┏━━
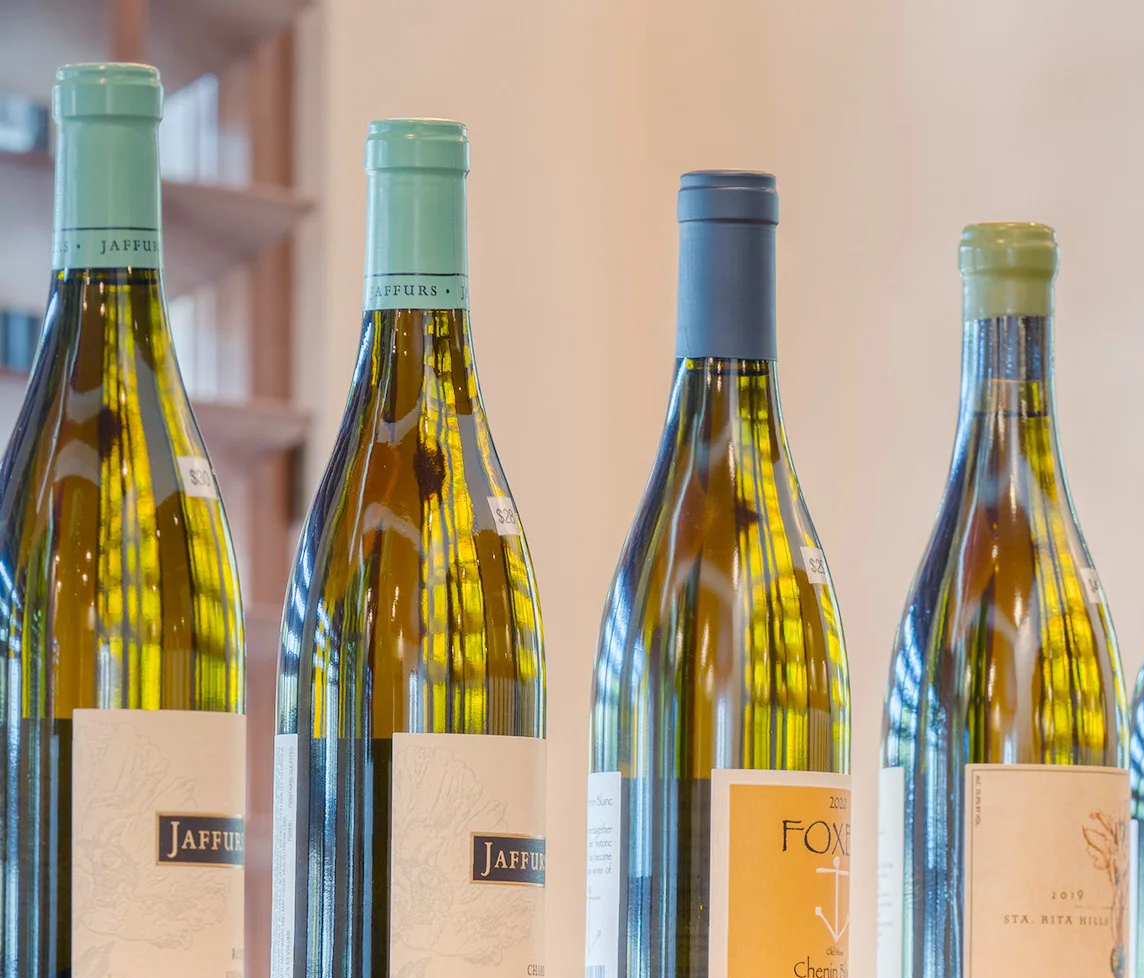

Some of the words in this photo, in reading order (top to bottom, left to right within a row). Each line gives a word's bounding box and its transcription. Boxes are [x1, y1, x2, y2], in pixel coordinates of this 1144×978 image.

[495, 507, 516, 524] $28
[1050, 889, 1084, 902] 2019
[1003, 914, 1035, 925] STA.
[1041, 915, 1073, 925] RITA
[1079, 916, 1109, 927] HILLS
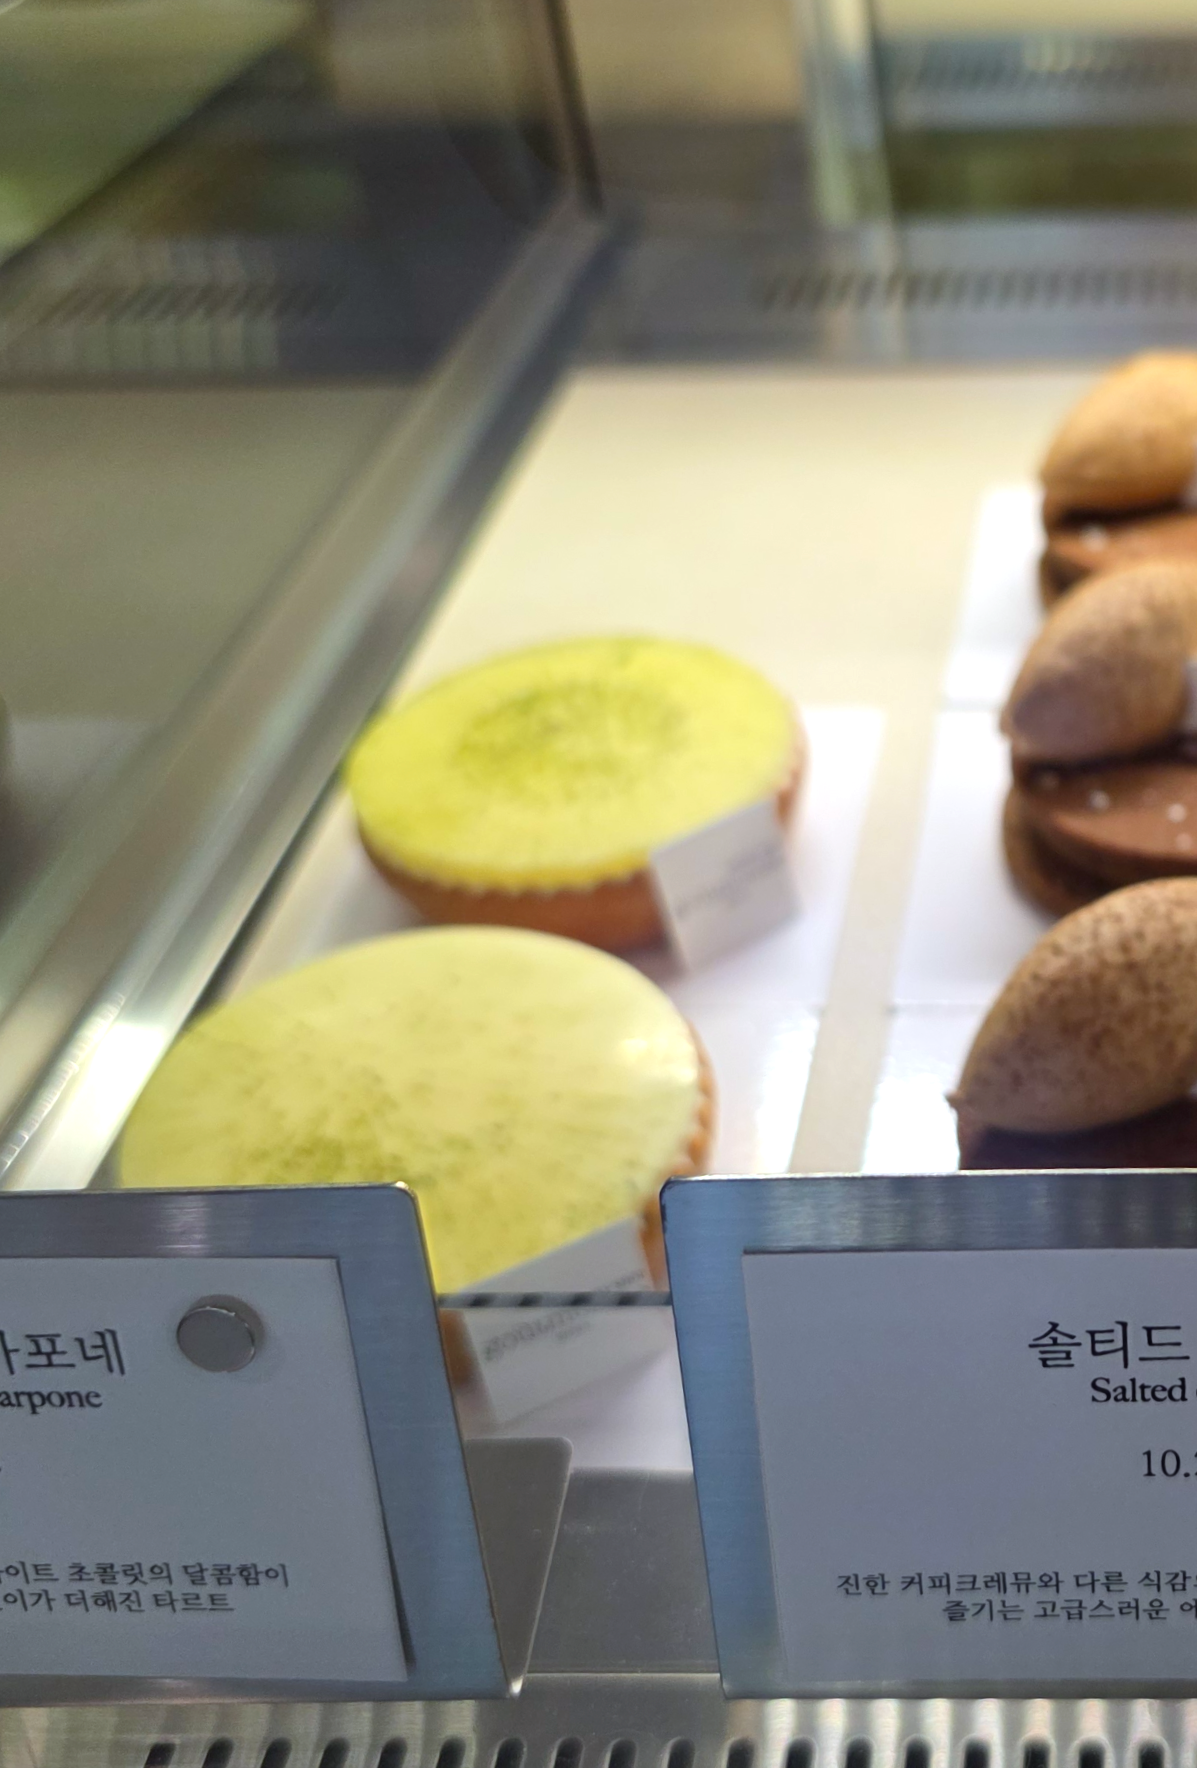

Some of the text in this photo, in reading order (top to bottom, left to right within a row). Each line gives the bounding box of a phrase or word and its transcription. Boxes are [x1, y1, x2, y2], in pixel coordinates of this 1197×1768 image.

[1028, 1321, 1190, 1369] 솔티드
[1090, 1376, 1188, 1403] Salted
[0, 1560, 289, 1588] 이트 초콜릿의 달콤함이
[836, 1572, 891, 1596] 진한
[901, 1571, 1065, 1595] 커피크레뮤와
[1073, 1570, 1129, 1594] 다른
[0, 1588, 235, 1613] 이가 더해진 타르트
[942, 1599, 1025, 1622] 즐기는
[1033, 1598, 1170, 1622] 고급스러운
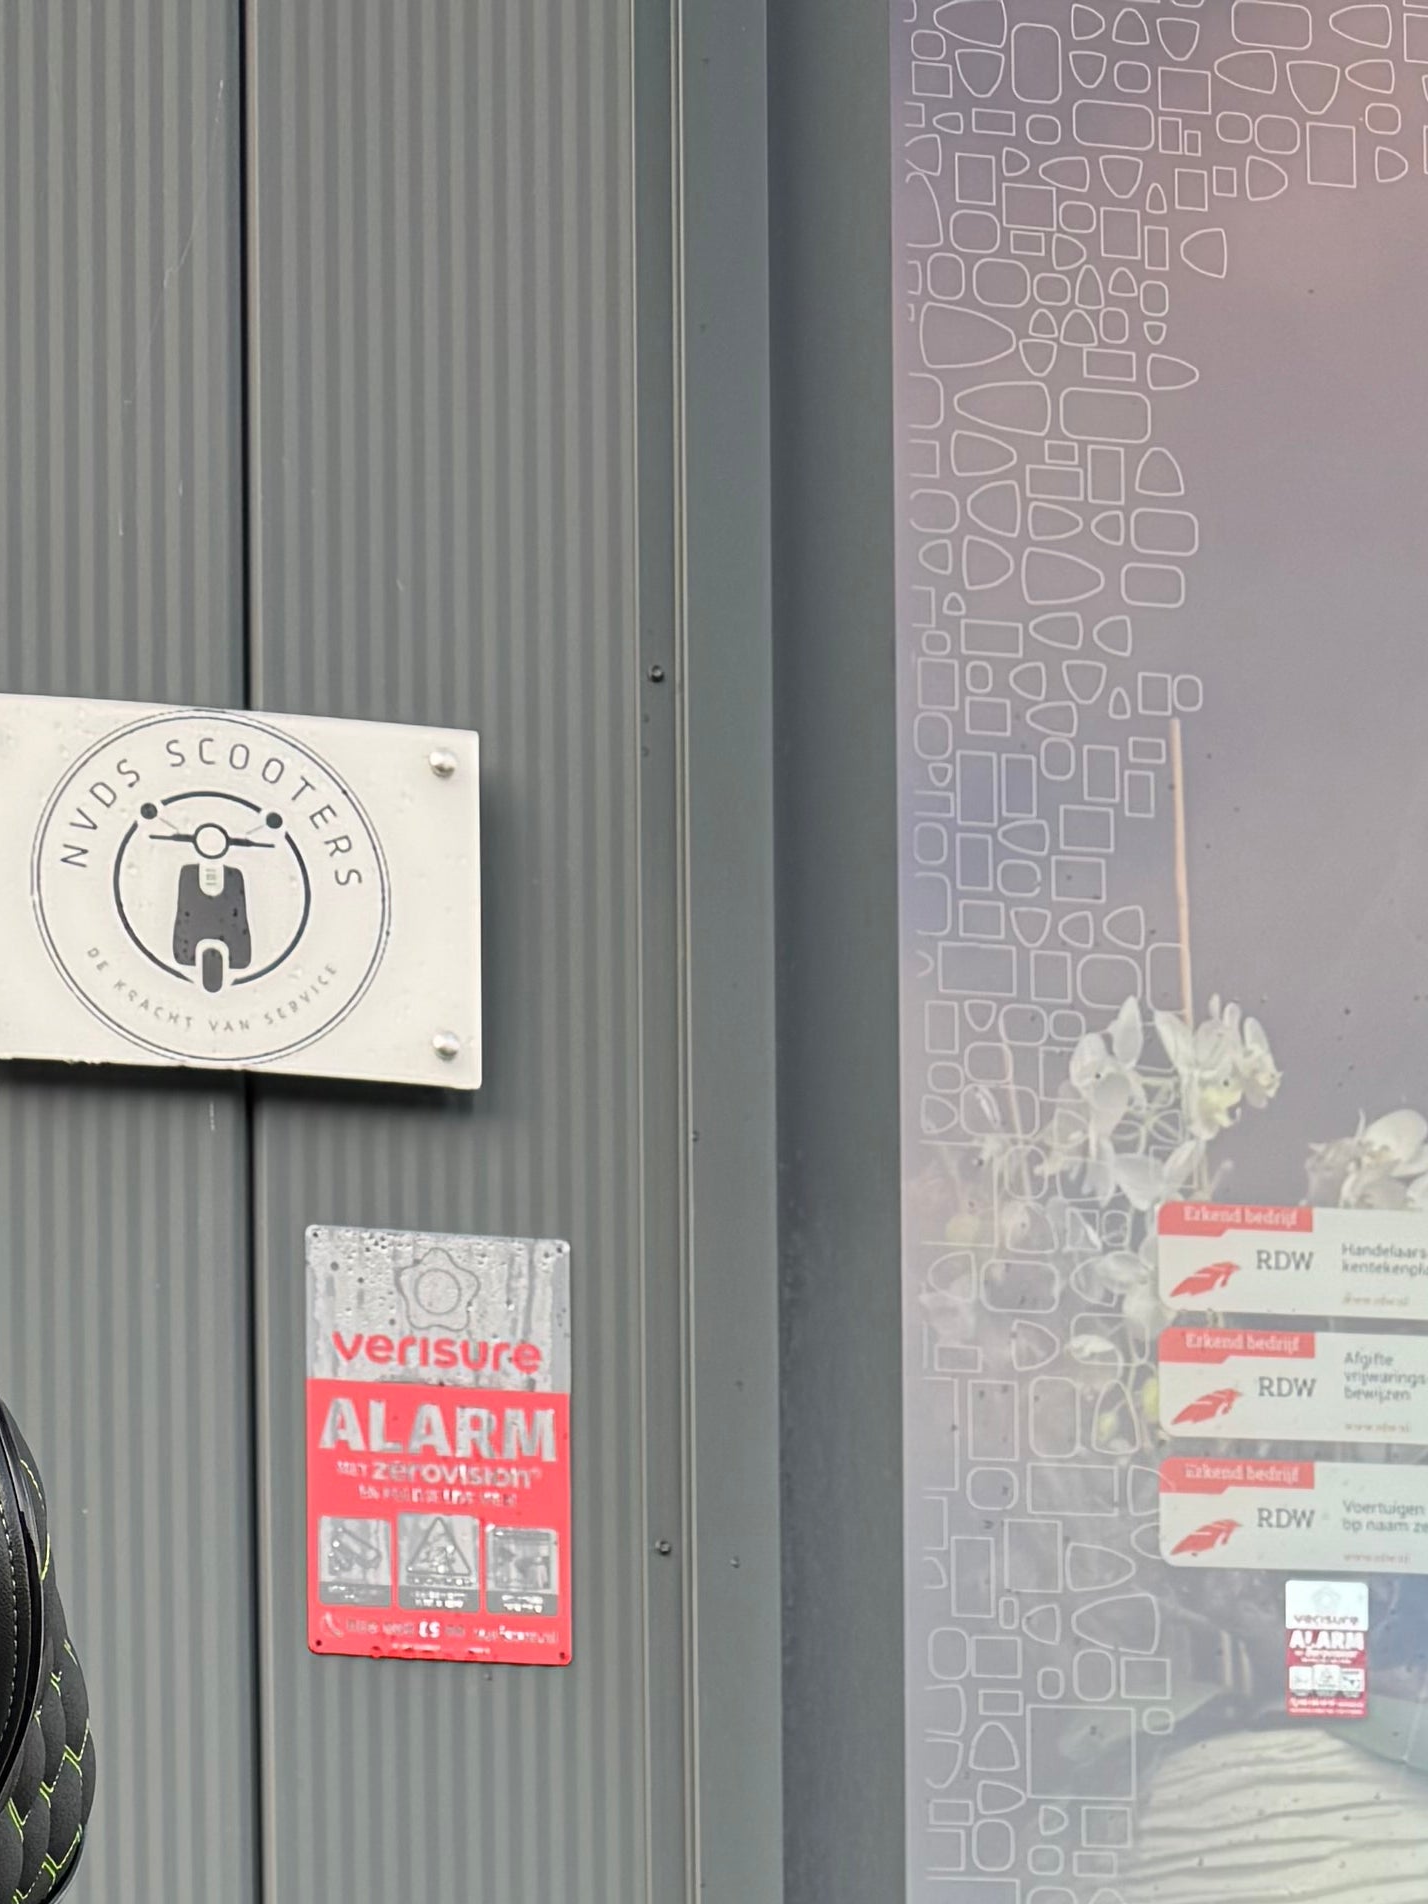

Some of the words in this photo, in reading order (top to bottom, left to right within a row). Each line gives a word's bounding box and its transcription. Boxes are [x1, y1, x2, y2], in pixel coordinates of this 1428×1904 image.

[61, 760, 140, 867] NVDS
[166, 737, 362, 886] SCOOTERS
[209, 1020, 250, 1032] VAN
[1184, 1206, 1241, 1225] Erkend
[1245, 1207, 1297, 1227] bedrijf
[1256, 1249, 1314, 1271] RDW
[332, 1331, 542, 1374] verisure
[1185, 1333, 1244, 1351] Erkend
[1247, 1334, 1300, 1353] bedrijf
[1258, 1376, 1316, 1398] RDW
[319, 1398, 557, 1463] ALARM
[1185, 1464, 1244, 1480] Erkend
[1247, 1465, 1300, 1484] bedrijf
[1257, 1508, 1315, 1529] RDW
[1342, 1500, 1426, 1519] Voertuigen
[1289, 1629, 1364, 1650] ALARM
┗━━
:: Your assignment ::
Everything from the line containing "this 1428×1904 image." to the last line of the material above must be copied exactly, and only that.

:: Solution to this task ::
Some of the words in this photo, in reading order (top to bottom, left to right within a row). Each line gives a word's bounding box and its transcription. Boxes are [x1, y1, x2, y2], in pixel coordinates of this 1428×1904 image.

[61, 760, 140, 867] NVDS
[166, 737, 362, 886] SCOOTERS
[209, 1020, 250, 1032] VAN
[1184, 1206, 1241, 1225] Erkend
[1245, 1207, 1297, 1227] bedrijf
[1256, 1249, 1314, 1271] RDW
[332, 1331, 542, 1374] verisure
[1185, 1333, 1244, 1351] Erkend
[1247, 1334, 1300, 1353] bedrijf
[1258, 1376, 1316, 1398] RDW
[319, 1398, 557, 1463] ALARM
[1185, 1464, 1244, 1480] Erkend
[1247, 1465, 1300, 1484] bedrijf
[1257, 1508, 1315, 1529] RDW
[1342, 1500, 1426, 1519] Voertuigen
[1289, 1629, 1364, 1650] ALARM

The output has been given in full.